Mr. Obama reacted to the Snowden leaks by setting up a presidential review panel, which surprised him by delivering a negative judgment on the NSA eavesdropping. He tried to protect the program, which became steadily more controversial. Against mounting pressure, in January the president gave a speech promising reforms, and invited the hi tech corporate heads in advance to outline his proposed remedies. Those reforms were essentially cosmetic. He invited Clapper and Alexander to a White House state dinner to denote his continuing support. Evidence of the spies’ extravagance continued to mount. The president had said he would deliver details toward the end of March and he did so, yesterday, at the Rijksmuseum in Amsterdam. That Mr. Obama chose a foreign locale to articulate his detailed proposals is significant–European, Latin, and other nations have been among the most strident critics of the NSA dragnet. This time, like the last, Obama had the tech chieftains to the White House in advance to unveil his design and solicit their comments.

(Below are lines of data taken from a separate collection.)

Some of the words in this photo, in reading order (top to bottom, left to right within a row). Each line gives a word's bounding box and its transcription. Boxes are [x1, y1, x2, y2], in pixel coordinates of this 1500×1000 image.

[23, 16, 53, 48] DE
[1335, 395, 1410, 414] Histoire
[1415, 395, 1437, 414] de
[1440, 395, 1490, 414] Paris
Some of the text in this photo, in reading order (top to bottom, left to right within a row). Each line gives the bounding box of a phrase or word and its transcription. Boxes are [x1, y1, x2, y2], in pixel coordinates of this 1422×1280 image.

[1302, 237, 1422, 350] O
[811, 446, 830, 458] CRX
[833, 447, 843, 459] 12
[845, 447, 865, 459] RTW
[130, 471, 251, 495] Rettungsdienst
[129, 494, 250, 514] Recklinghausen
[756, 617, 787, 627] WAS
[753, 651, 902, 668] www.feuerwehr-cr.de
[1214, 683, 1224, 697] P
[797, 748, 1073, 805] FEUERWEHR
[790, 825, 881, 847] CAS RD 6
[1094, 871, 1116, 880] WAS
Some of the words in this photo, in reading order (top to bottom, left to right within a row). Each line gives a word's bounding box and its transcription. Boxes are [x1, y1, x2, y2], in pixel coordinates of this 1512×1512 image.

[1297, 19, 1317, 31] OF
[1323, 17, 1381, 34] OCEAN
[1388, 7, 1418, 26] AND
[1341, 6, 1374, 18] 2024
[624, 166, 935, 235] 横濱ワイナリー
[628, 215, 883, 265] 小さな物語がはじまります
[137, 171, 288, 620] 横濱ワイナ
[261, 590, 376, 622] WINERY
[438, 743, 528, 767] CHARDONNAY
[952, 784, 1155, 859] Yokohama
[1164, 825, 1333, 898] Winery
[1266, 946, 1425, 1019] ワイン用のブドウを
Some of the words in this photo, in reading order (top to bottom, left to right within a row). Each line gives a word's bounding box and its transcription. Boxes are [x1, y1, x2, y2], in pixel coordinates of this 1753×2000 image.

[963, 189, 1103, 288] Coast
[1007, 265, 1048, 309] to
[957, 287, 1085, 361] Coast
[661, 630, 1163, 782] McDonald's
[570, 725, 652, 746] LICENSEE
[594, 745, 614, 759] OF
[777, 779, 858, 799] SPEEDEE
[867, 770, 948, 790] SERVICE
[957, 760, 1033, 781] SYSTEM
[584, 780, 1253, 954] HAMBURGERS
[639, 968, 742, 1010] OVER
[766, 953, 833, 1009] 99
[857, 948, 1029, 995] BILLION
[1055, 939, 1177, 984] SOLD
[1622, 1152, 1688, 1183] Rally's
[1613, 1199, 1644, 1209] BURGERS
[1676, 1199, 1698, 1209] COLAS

During the “Year of Intelligence,” the White House moved swiftly to show activity when evidence of abuses emerged. President Gerald R. Ford created a blue-ribbon commission, headed by Vice-President Nelson Rockefeller, to examine the allegations. It was unable to deliver a clean bill of health because the abuses were real. Investigative committees formed in both houses of Congress. White House staff crafted a plan to defend the intelligence agencies, carefully vetting every document they permitted to be given to the congressional investigators. More abuses were revealed. The White House then set out to demonstrate its responsiveness by drafting an executive order that President Ford would issue which established the first detailed charter for U.S. intelligence activities. Mr. Ford could then take the credit for action.

Sound familiar?

What is different between 1975 and 2013-2014 is that during the Year of Intelligence the CIA chief, then William E. Colby, realized that the intelligence agencies had to respond to allegations. In the present crisis Jim Clapper and his colleagues at NSA and CIA tried to stifle criticism by stonewalling, evoking false visions of threat, and making phony claims of achievement. That strategy, weak on the face of it, is now revealed as bankrupt. As I have said in this space before, Clapper should go.

What is the same is the evolution of the situations. There is a pattern to Family Jewels crises. It is time to create a mechanism to avoid them.